- [DIRECTIONS FOR THIS TASK]:
Everything from the line holding "this 1066×1600 image." through the last line below must be repeated exactly, and nothing else.
Top of EXERCISE MATERIALS
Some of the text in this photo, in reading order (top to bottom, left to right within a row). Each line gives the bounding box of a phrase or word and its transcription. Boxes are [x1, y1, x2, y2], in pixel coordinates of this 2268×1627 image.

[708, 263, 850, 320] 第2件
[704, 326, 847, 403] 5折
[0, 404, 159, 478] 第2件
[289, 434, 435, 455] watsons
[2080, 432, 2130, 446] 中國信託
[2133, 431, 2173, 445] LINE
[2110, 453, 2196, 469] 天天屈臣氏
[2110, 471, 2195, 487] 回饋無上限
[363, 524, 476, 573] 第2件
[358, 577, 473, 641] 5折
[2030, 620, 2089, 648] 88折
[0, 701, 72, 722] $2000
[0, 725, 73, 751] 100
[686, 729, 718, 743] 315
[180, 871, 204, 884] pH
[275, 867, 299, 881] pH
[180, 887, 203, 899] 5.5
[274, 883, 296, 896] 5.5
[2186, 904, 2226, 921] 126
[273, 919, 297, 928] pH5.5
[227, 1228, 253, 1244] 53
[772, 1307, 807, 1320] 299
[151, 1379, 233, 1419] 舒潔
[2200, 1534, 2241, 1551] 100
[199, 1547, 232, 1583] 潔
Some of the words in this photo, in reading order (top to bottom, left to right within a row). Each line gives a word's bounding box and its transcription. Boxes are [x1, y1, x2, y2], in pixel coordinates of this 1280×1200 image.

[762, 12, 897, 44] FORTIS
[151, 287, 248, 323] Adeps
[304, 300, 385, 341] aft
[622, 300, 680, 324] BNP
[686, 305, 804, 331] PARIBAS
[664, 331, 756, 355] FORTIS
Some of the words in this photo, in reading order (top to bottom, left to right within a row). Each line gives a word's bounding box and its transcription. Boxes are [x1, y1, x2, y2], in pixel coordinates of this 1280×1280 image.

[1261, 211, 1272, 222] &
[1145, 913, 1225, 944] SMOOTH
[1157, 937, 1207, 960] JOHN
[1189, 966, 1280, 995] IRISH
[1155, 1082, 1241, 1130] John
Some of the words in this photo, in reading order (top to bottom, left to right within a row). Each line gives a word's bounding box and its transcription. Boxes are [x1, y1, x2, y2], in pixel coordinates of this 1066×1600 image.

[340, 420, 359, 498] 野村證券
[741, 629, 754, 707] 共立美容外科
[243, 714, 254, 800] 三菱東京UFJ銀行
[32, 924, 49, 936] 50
Bottom of EXERCISE MATERIALS
- [SOLUTION FOR THIS PROBLEM]:
Some of the words in this photo, in reading order (top to bottom, left to right within a row). Each line gives a word's bounding box and its transcription. Boxes are [x1, y1, x2, y2], in pixel coordinates of this 1066×1600 image.

[340, 420, 359, 498] 野村證券
[741, 629, 754, 707] 共立美容外科
[243, 714, 254, 800] 三菱東京UFJ銀行
[32, 924, 49, 936] 50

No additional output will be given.